Variazioni in diminuzione dell’IVA: la consulenza giuridica dell’Agenzia delle Entrate

Le variazioni in diminuzione dell’Iva per mancato pagamento dovuto all’infruttuosità di procedure esecutive sono consentite nelle ipotesi previste dall’articolo 26 del decreto 633/1972 (c.d. Decreto Iva).
È questo, in sintesi, il principio di diritto stabilito dall’Agenzia delle Entrate nella risposta alla consulenza giuridica n. 2/2019.
 
Nello specifico, dopo aver ricordato che le variazioni “in diminuzione” dell’imponibile o dell’imposta, diversamente da quelle “in aumento”, hanno natura facoltativa, l’Agenzia precisa che il loro esercizio resta limitato ai casi espressamente previsti dalle norme di legge, tra i quali rientrano le ipotesi di procedure esecutive individuali rimaste “infruttuose”.
Ciò posto, il citato articolo 26 (comma 12) del Decreto Iva prevede che, ai fini dell’effettuazione di tali variazioni, una procedura esecutiva individuale deve essere qualificata “in ogni caso infruttuosa” qualora vi sia:

– un pignoramento presso terzi, se dal verbale di pignoramento redatto dall’ufficiale giudiziario risulti che presso il terzo pignorato non vi siano beni o crediti da pignorare;

– un pignoramento di beni mobili, quando dal predetto verbale di pignoramento risulti la mancanza di beni da pignorare, l’impossibilità di accesso al domicilio del debitore o quest’ultimo si renda irreperibile. 

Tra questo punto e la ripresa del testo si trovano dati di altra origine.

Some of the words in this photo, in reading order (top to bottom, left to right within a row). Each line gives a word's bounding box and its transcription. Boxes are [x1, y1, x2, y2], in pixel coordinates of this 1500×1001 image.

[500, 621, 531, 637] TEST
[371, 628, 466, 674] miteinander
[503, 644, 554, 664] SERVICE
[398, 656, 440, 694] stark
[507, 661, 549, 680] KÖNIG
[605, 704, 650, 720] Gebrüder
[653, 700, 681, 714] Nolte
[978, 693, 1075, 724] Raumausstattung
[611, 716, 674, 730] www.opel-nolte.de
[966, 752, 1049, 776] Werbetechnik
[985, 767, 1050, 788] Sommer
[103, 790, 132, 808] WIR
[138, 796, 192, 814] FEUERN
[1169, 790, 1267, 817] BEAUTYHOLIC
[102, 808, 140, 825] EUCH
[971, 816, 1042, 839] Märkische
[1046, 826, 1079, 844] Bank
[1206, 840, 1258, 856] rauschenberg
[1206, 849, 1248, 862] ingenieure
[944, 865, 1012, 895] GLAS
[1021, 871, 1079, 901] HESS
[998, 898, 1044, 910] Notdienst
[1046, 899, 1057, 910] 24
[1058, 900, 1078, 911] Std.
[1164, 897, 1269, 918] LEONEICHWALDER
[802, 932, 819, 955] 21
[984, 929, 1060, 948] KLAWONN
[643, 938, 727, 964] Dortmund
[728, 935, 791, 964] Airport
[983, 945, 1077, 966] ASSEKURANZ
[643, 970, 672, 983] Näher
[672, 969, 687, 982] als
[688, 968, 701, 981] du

Inoltre, la procedura deve essere considerata come infruttuosa anche qualora venga interrotta per eccessiva onerosità l’asta per la vendita del bene pignorato, dopo che questa sia andata deserta per almeno tre volte.
La ratio di tali norme è da riscontrarsi nella necessità che l’infruttuosità della procedura sia acclarata da un organo super partes (quale l’ufficiale giudiziario e/o il giudice dell’esecuzione).

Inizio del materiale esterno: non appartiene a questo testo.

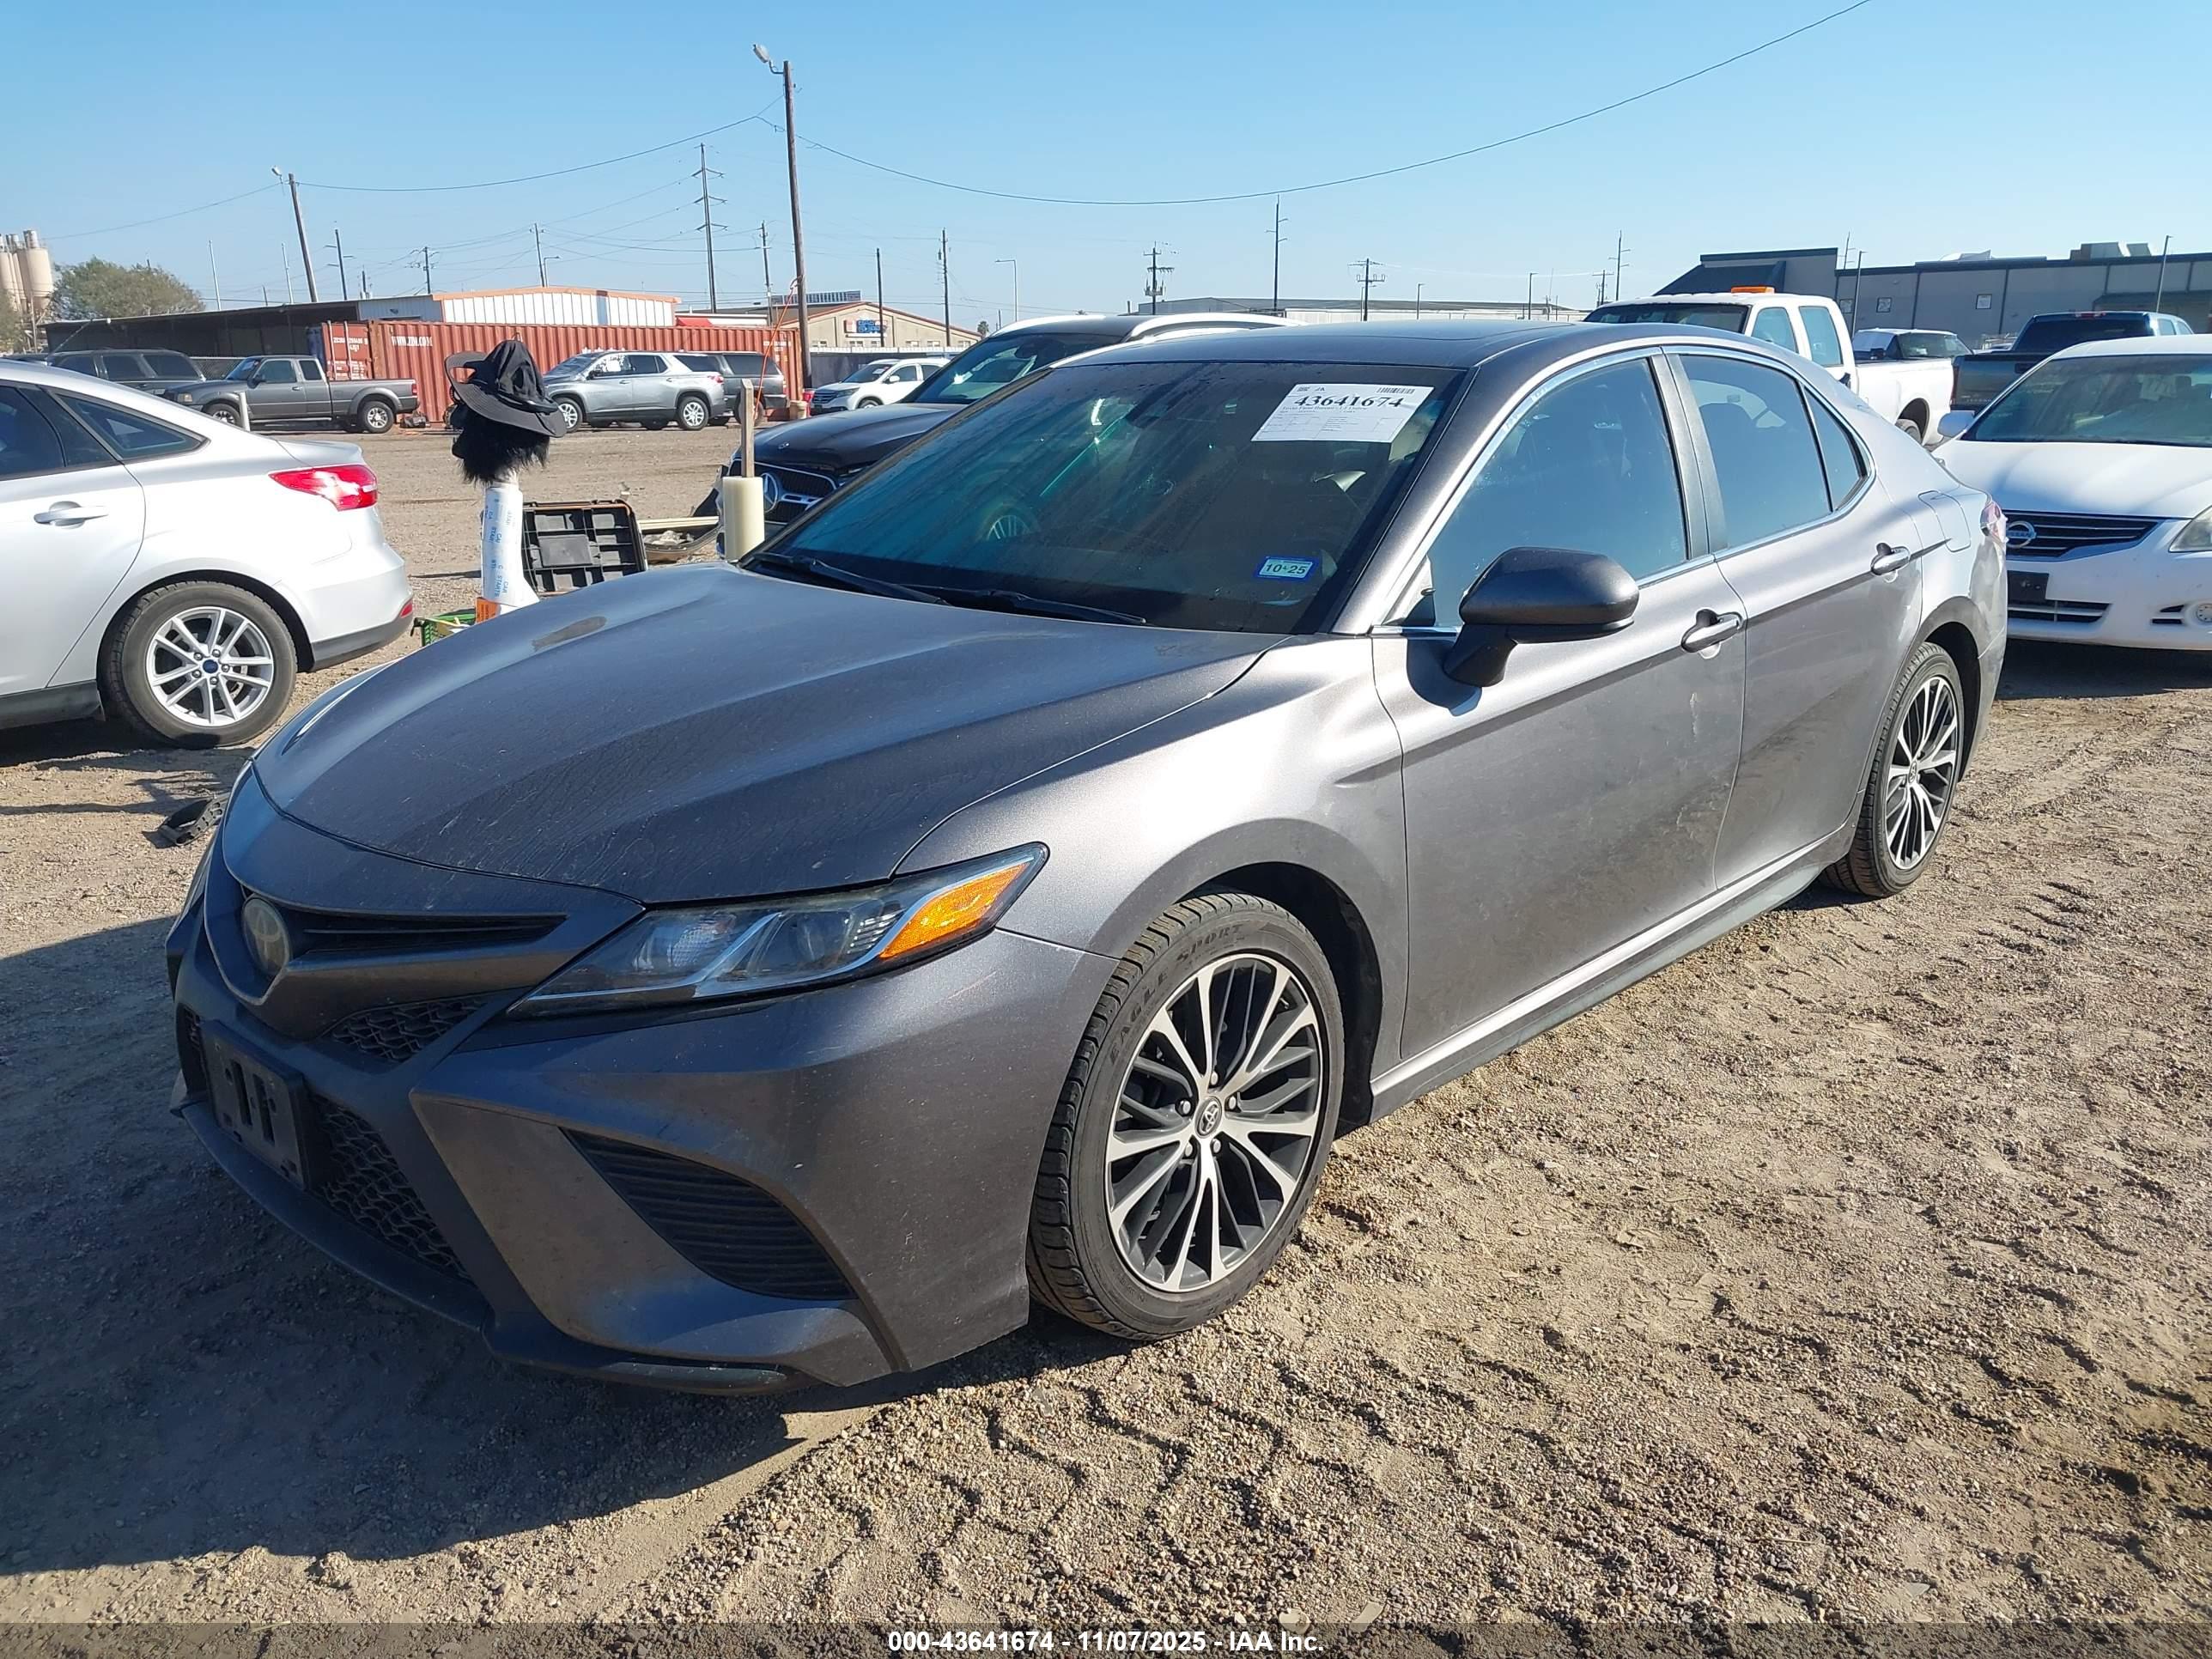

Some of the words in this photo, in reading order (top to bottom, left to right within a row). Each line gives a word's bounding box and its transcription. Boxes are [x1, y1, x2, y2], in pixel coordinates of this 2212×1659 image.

Qualora vi sia l’impossibilità o emergano difficoltà nell’applicazione delle presunzioni previste dal suddetto articolo 26, comunque, continuano a trovare applicazione le indicazioni di ordine generale contenute nella circolare n. 77/2000, secondo cui “il presupposto legittimante la variazione in diminuzione viene a esistenza quando il credito del cedente del bene o prestatore del servizio non trova soddisfacimento attraverso la distribuzione delle somme ricavate dalla vendita dei beni dell’esecutato ovvero quando sia stata accertata e documentata dagli organi della procedura l’insussistenza di beni da assoggettare all’esecuzione”.